Re: rcu_preempt self-detected stall on CPU from 4.5-rc3, since 3.17

From: Paul E. McKenney
Date: Wed Feb 17 2016 - 18:19:56 EST


On Wed, Feb 17, 2016 at 12:28:29PM -0800, Paul E. McKenney wrote:
> On Wed, Feb 17, 2016 at 08:45:54PM +0100, Peter Zijlstra wrote:
> > On Wed, Feb 17, 2016 at 11:28:17AM -0800, Paul E. McKenney wrote:
> > > On Tue, Feb 16, 2016 at 09:45:49PM -0800, Paul E. McKenney wrote:
> > > > On Tue, Feb 09, 2016 at 09:11:55PM +1100, Ross Green wrote:
> > > > > Continued testing with the latest linux-4.5-rc3 release.
> > > > >
> > > > > Please find attached a copy of traces from dmesg:
> > > > >
> > > > > There is a lot more debug and trace data so hopefully this will shed
> > > > > some light on what might be happening here.
> > > > >
> > > > > My testing remains run a series of simple benchmarks, let that run to
> > > > > completion and then leave the system idle away with just a few daemons
> > > > > running.
> > > > >
> > > > > the self detected stalls in this instance turned up after a days run time.
> > > > > There were NO heavy artificial computational loads on the machine.
> > > >
> > > > It does indeed look quiet on that dmesg for a good long time.
> > > >
> > > > The following insanely crude not-for-mainline hack -might- be producing
> > > > good results in my testing.

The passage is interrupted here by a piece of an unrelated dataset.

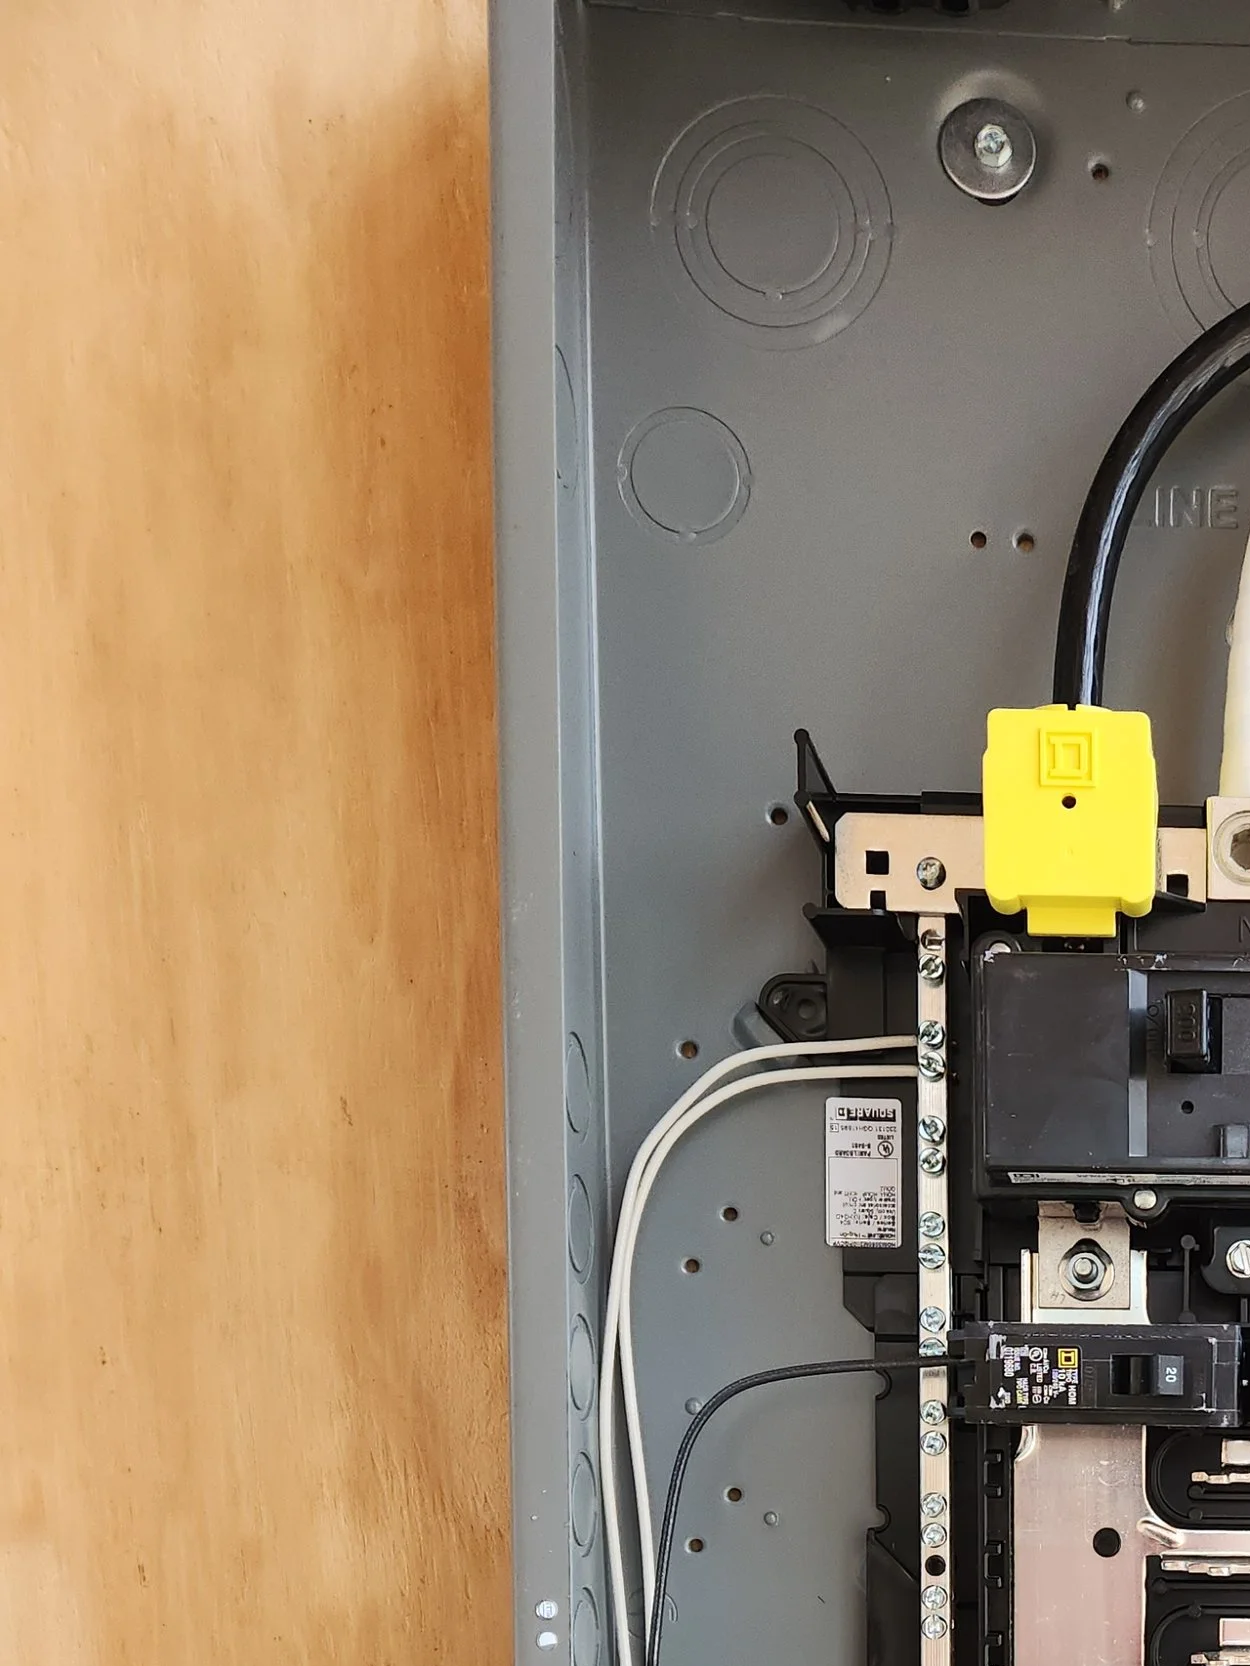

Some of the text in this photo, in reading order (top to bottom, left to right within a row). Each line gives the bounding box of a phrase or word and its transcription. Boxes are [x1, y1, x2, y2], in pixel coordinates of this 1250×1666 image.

It will take some time before I can claim
> > > > statistically different results. But please feel free to give it a go
> > > > in the meantime. (Thanks to Al Viro for pointing me in this direction.)
> >
> > Your case was special in that is was hotplug triggering it, right?
>
> Yes, it has thus far only shown up with CPU hotplug enabled.
>
> > I was auditing the hotplug paths involved when I fell ill two weeks ago,
> > and have not really made any progress on that because of that :/
>
> I have always said that being sick is bad for one's health, but I didn't
> realize that it could be bad for the kernel's health as well. ;-)
>
> > I'll go have another look, I had a vague feeling for a race back then,
> > lets see if I can still remember how..
>
> I believe that I can -finally- get an ftrace_dump() to happen within
> 10-20 milliseconds of the problem, which just might be soon enough
> after the problem to gather some useful information. I am currently
> testing this theory with "ftrace trace_event=sched_waking,sched_wakeup"
> boot arguments on a two-hour run.

And apparently another way to greatly reduce the probability of this
bug occurring is to enable ftrace. :-/

Will try longer runs.

Thanx, Paul

> If this works out, what would be a useful set of trace events for me
> to capture?
>
> Thanx, Paul